*EXTRACTED DATA*:

►

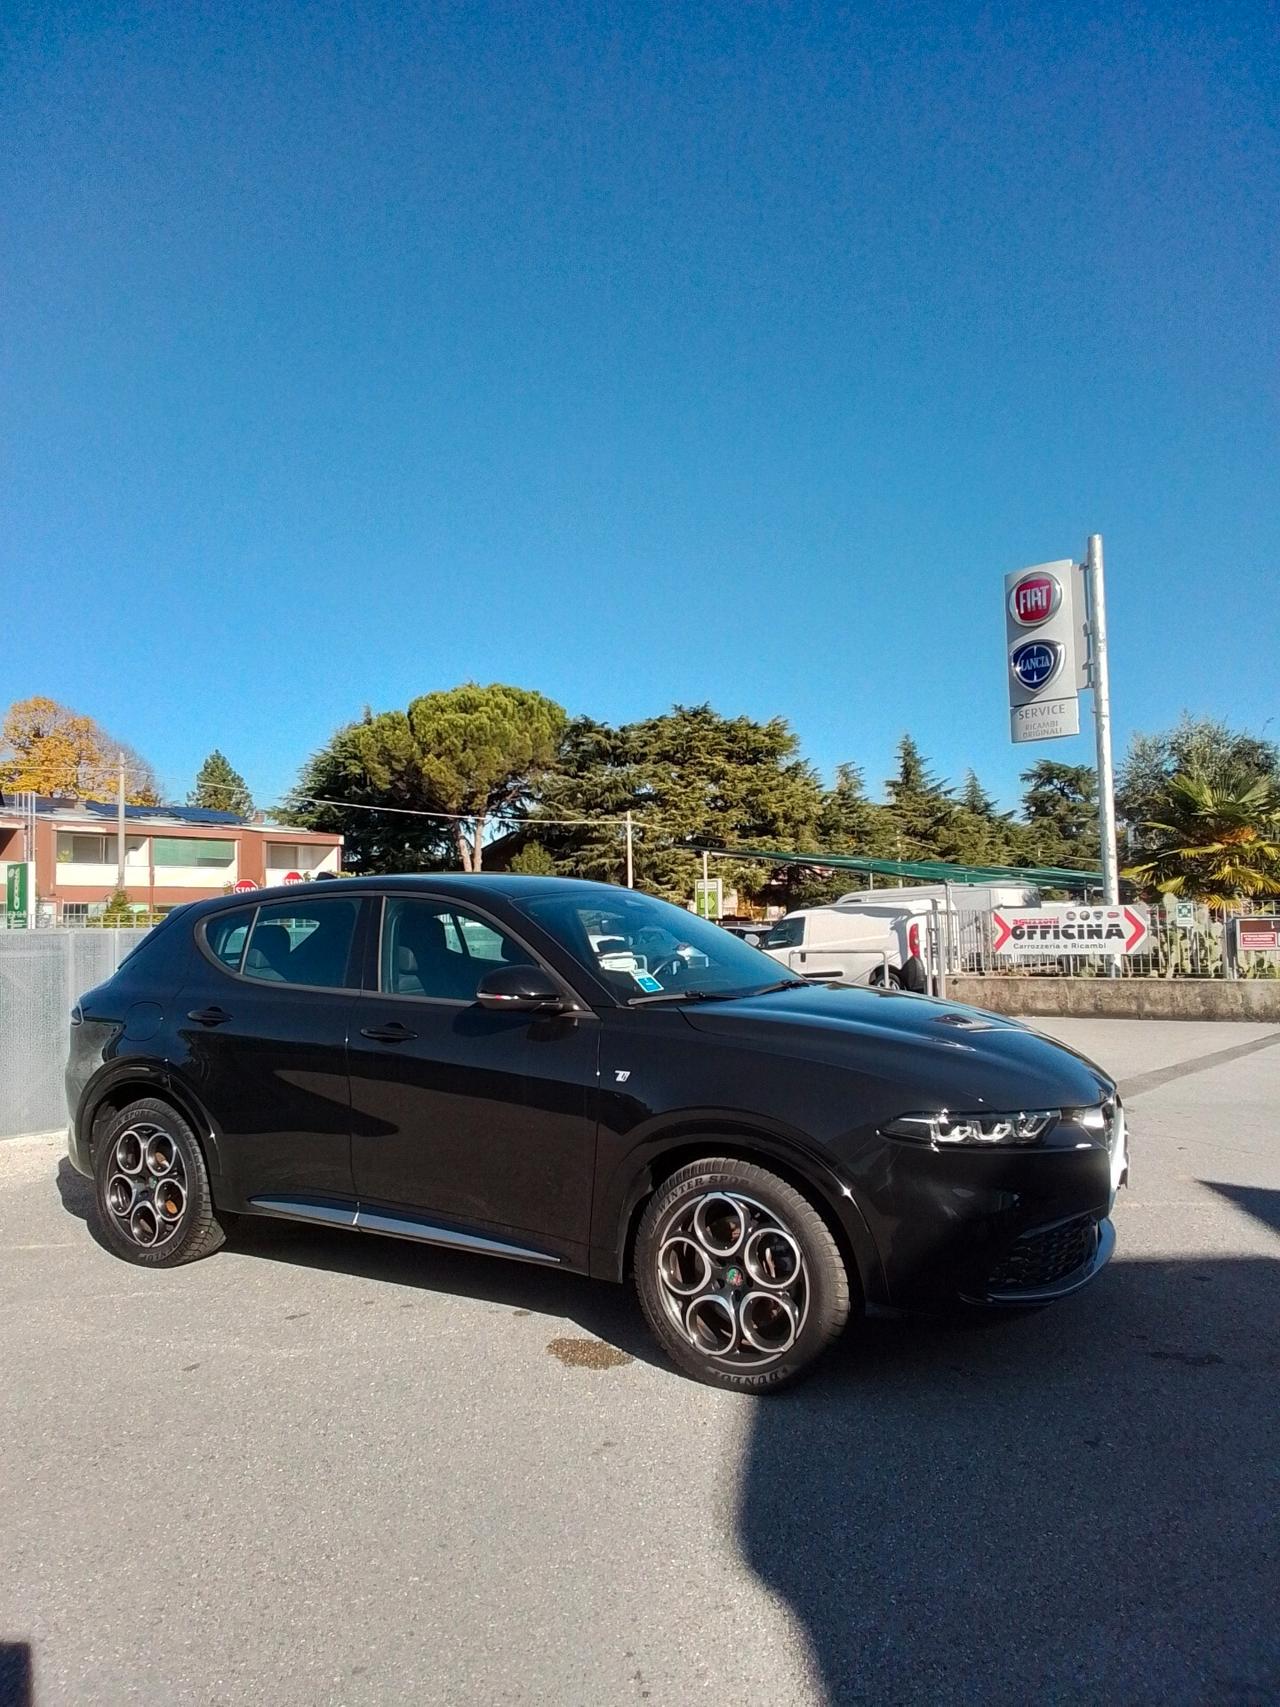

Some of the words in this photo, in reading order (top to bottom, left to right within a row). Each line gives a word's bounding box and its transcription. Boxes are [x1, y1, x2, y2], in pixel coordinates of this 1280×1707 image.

[1019, 584, 1049, 614] FIAT
[1020, 654, 1050, 672] LANCIA
[1018, 704, 1065, 720] SERVICE
[1022, 728, 1062, 739] ORIGINALI
[1025, 720, 1058, 731] RICAMBI
[1011, 923, 1126, 941] OFFICINA
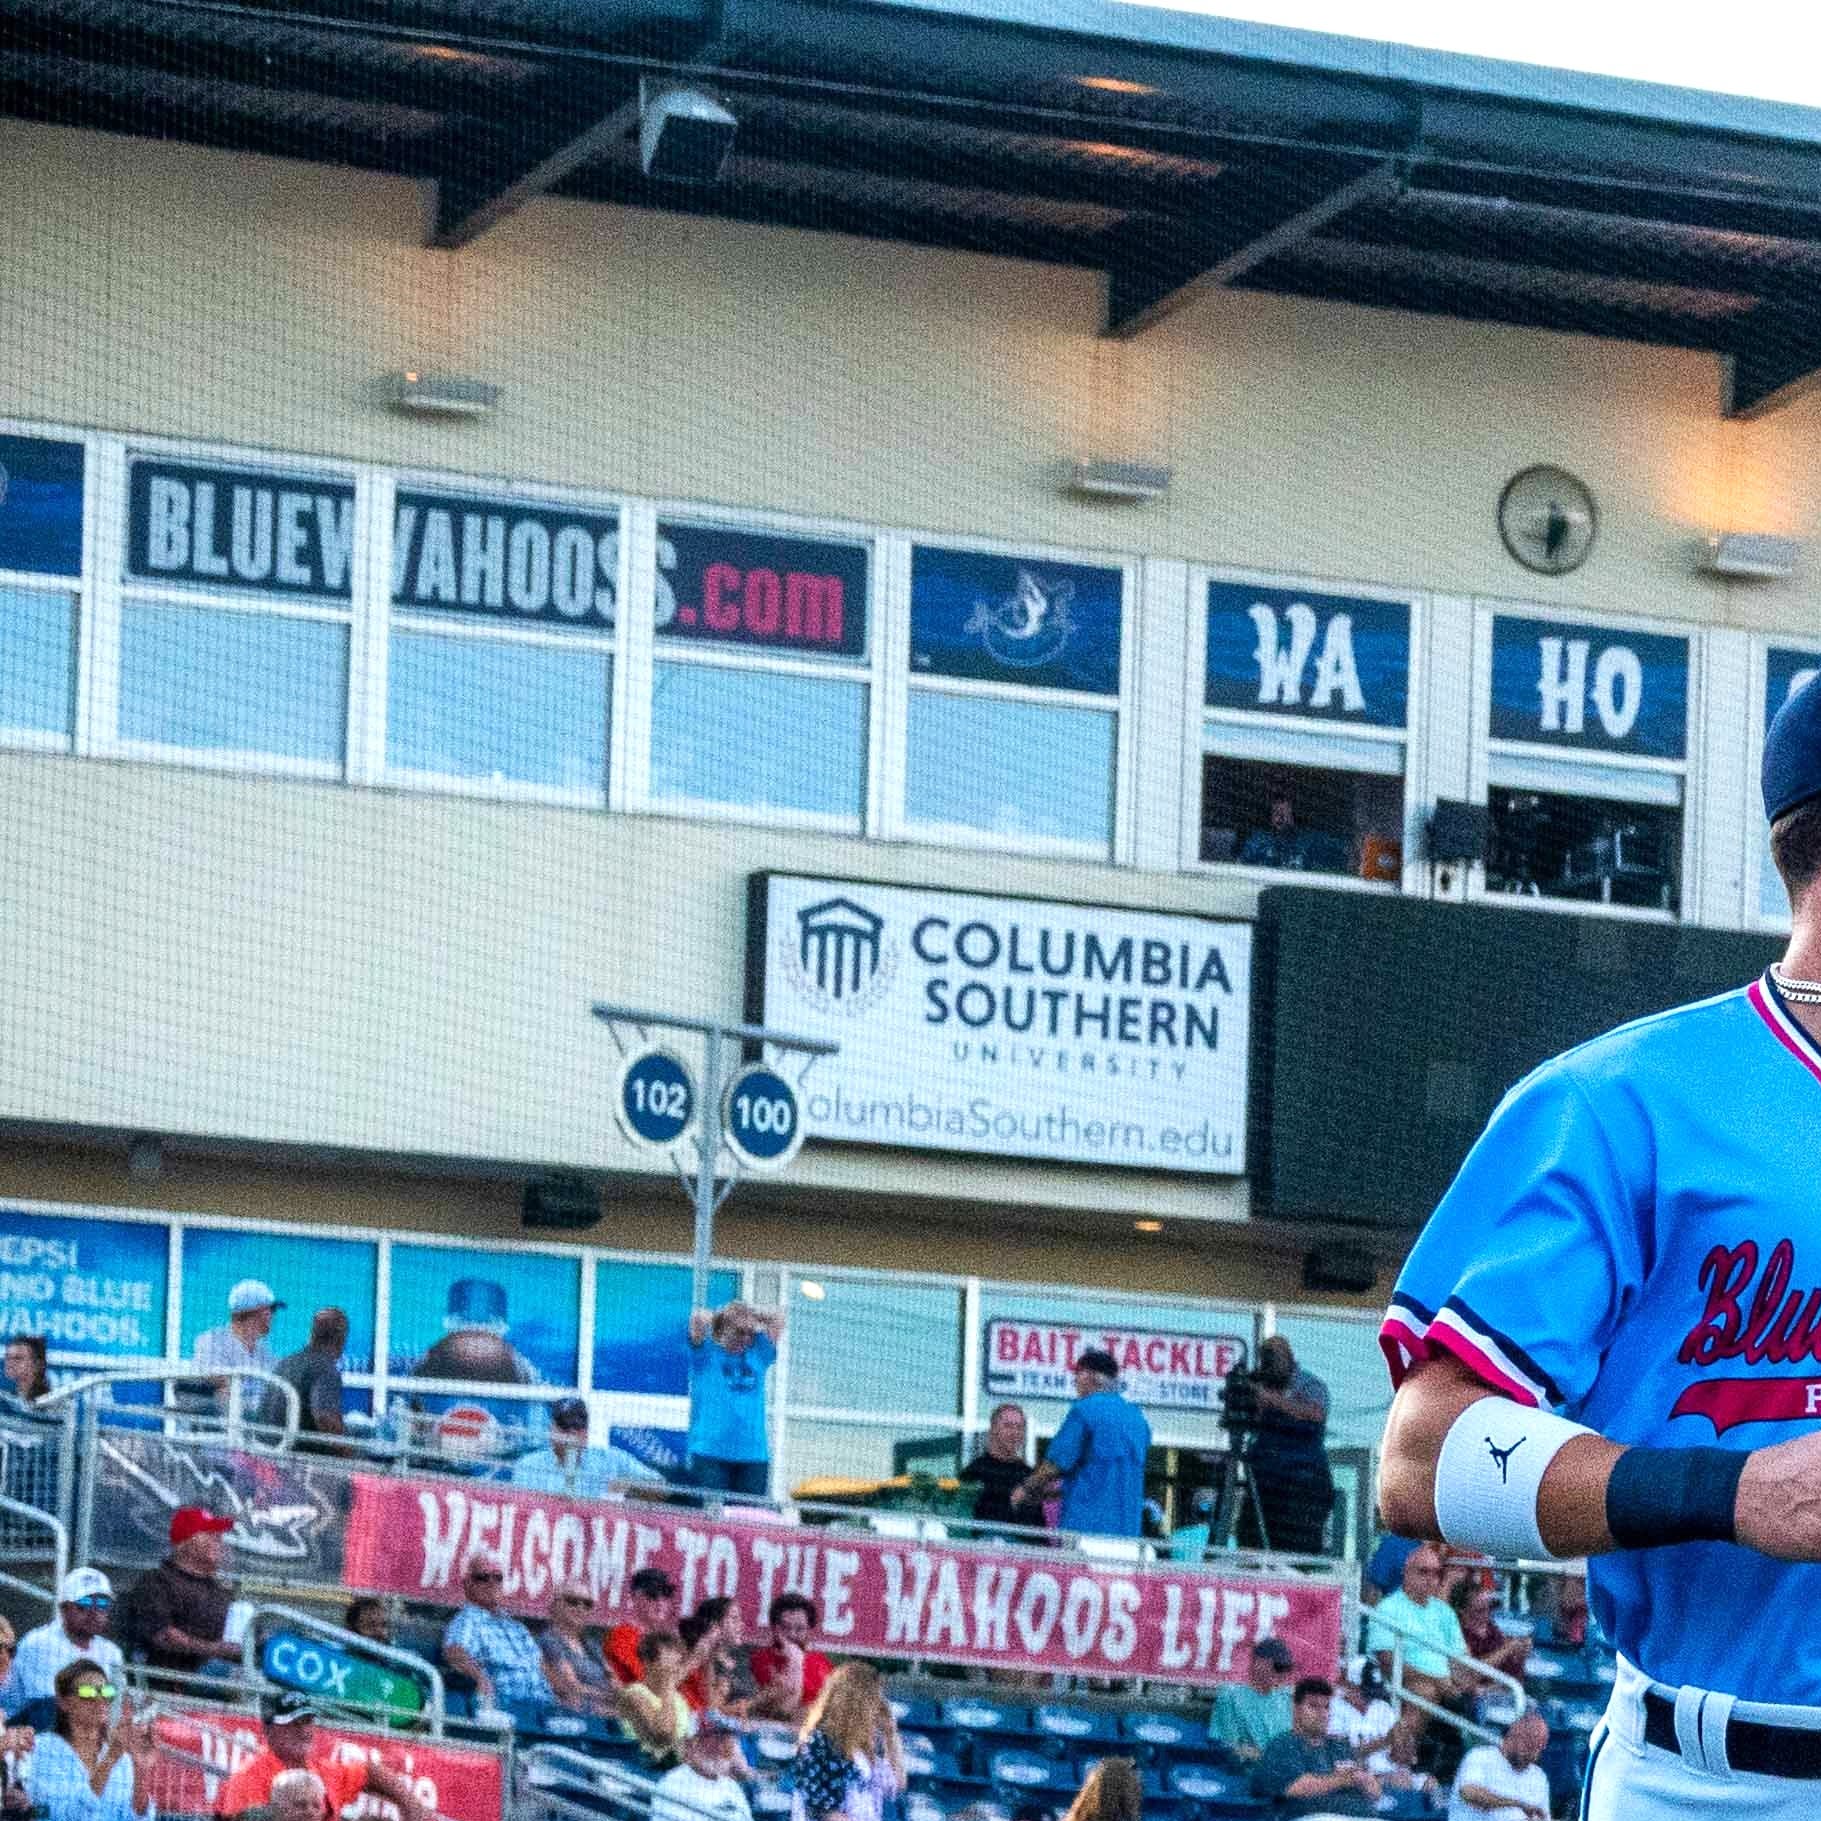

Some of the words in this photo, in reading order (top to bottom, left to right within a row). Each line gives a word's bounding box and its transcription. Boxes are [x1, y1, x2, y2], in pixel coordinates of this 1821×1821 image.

[1249, 600, 1367, 713] WA
[1536, 635, 1643, 739] HO
[912, 917, 1232, 993] COLUMBIA
[925, 978, 1220, 1051] SOUTHERN
[630, 1076, 687, 1117] 102
[953, 1042, 1187, 1081] UNIVERSITY
[736, 1092, 791, 1136] 100
[808, 1084, 1234, 1161] olumbiaSouthern.edu
[998, 1326, 1081, 1368] BAIT
[1102, 1335, 1235, 1379] TACKLE
[881, 1550, 1142, 1665] WAHOOS
[271, 1639, 350, 1697] COX

◄

Print the whole listing again exactly, please. No pictures.

Some of the words in this photo, in reading order (top to bottom, left to right within a row). Each line gives a word's bounding box and its transcription. Boxes are [x1, y1, x2, y2], in pixel coordinates of this 1280×1707 image.

[1019, 584, 1049, 614] FIAT
[1020, 654, 1050, 672] LANCIA
[1018, 704, 1065, 720] SERVICE
[1022, 728, 1062, 739] ORIGINALI
[1025, 720, 1058, 731] RICAMBI
[1011, 923, 1126, 941] OFFICINA

Some of the words in this photo, in reading order (top to bottom, left to right within a row). Each line gives a word's bounding box and its transcription. Boxes are [x1, y1, x2, y2], in pixel coordinates of this 1821×1821 image.

[1249, 600, 1367, 713] WA
[1536, 635, 1643, 739] HO
[912, 917, 1232, 993] COLUMBIA
[925, 978, 1220, 1051] SOUTHERN
[630, 1076, 687, 1117] 102
[953, 1042, 1187, 1081] UNIVERSITY
[736, 1092, 791, 1136] 100
[808, 1084, 1234, 1161] olumbiaSouthern.edu
[998, 1326, 1081, 1368] BAIT
[1102, 1335, 1235, 1379] TACKLE
[881, 1550, 1142, 1665] WAHOOS
[271, 1639, 350, 1697] COX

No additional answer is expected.